**PROBLEM:** Give the records back exactly as written, but without the images.
—————
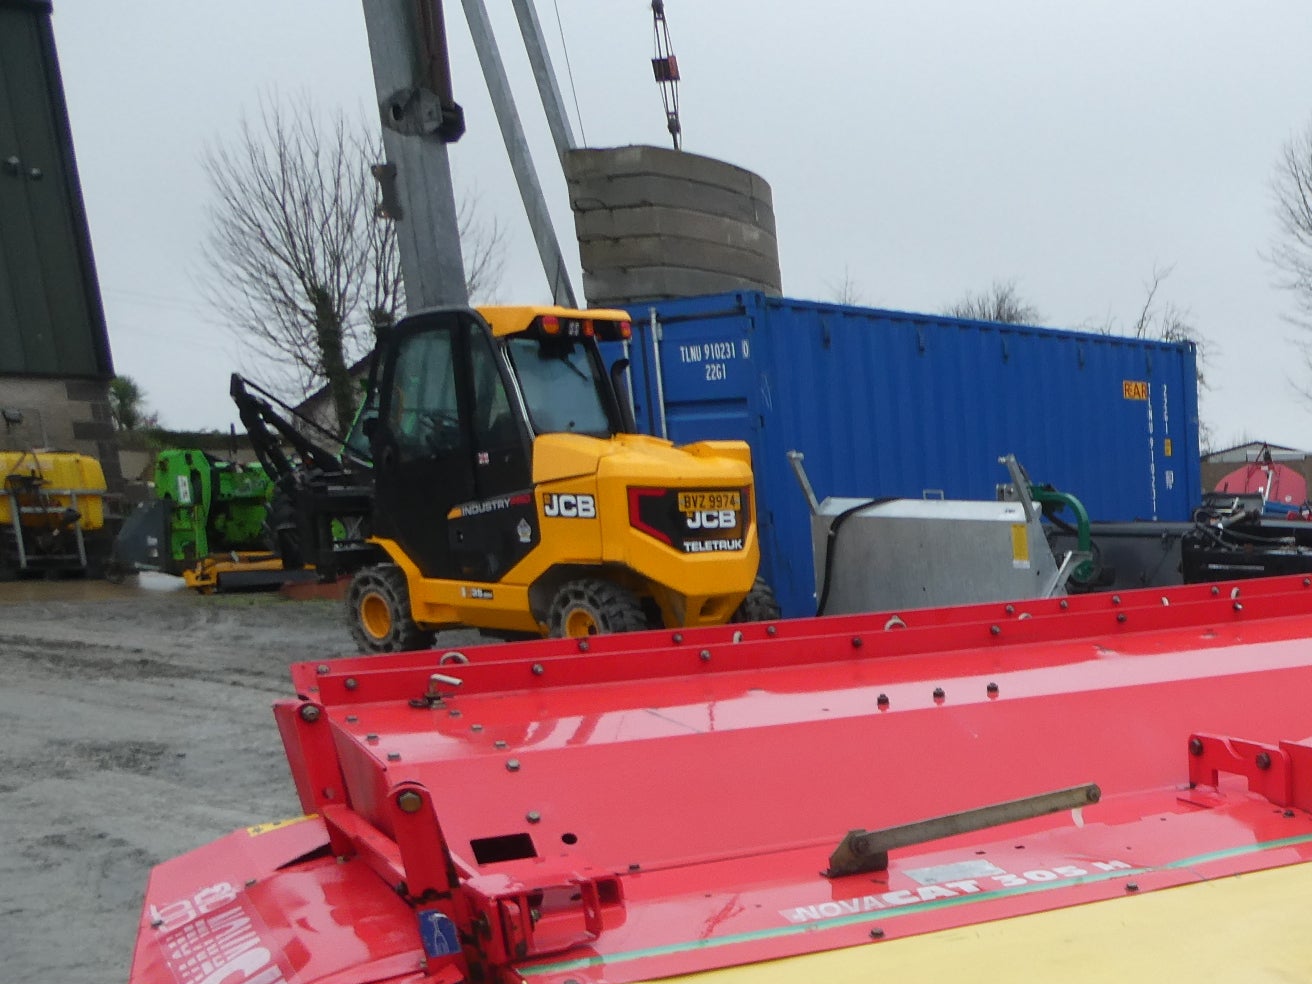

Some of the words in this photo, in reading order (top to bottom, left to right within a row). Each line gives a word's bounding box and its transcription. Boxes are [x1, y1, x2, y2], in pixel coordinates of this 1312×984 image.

[680, 345, 701, 362] TLNU
[704, 342, 735, 360] 910231
[705, 363, 726, 380] 22G1
[462, 498, 510, 516] INDUSTRY
[544, 494, 596, 518] JCB
[684, 496, 705, 508] BVZ
[709, 495, 736, 508] 9974
[687, 509, 737, 529] JCB
[683, 539, 743, 552] TELETRUK
[792, 880, 981, 922] NOVACAT
[991, 865, 1090, 888] 305
—————
**YOUR RESPONSE:**
Some of the words in this photo, in reading order (top to bottom, left to right within a row). Each line gives a word's bounding box and its transcription. Boxes are [x1, y1, x2, y2], in pixel coordinates of this 1312×984 image.

[680, 345, 701, 362] TLNU
[704, 342, 735, 360] 910231
[705, 363, 726, 380] 22G1
[462, 498, 510, 516] INDUSTRY
[544, 494, 596, 518] JCB
[684, 496, 705, 508] BVZ
[709, 495, 736, 508] 9974
[687, 509, 737, 529] JCB
[683, 539, 743, 552] TELETRUK
[792, 880, 981, 922] NOVACAT
[991, 865, 1090, 888] 305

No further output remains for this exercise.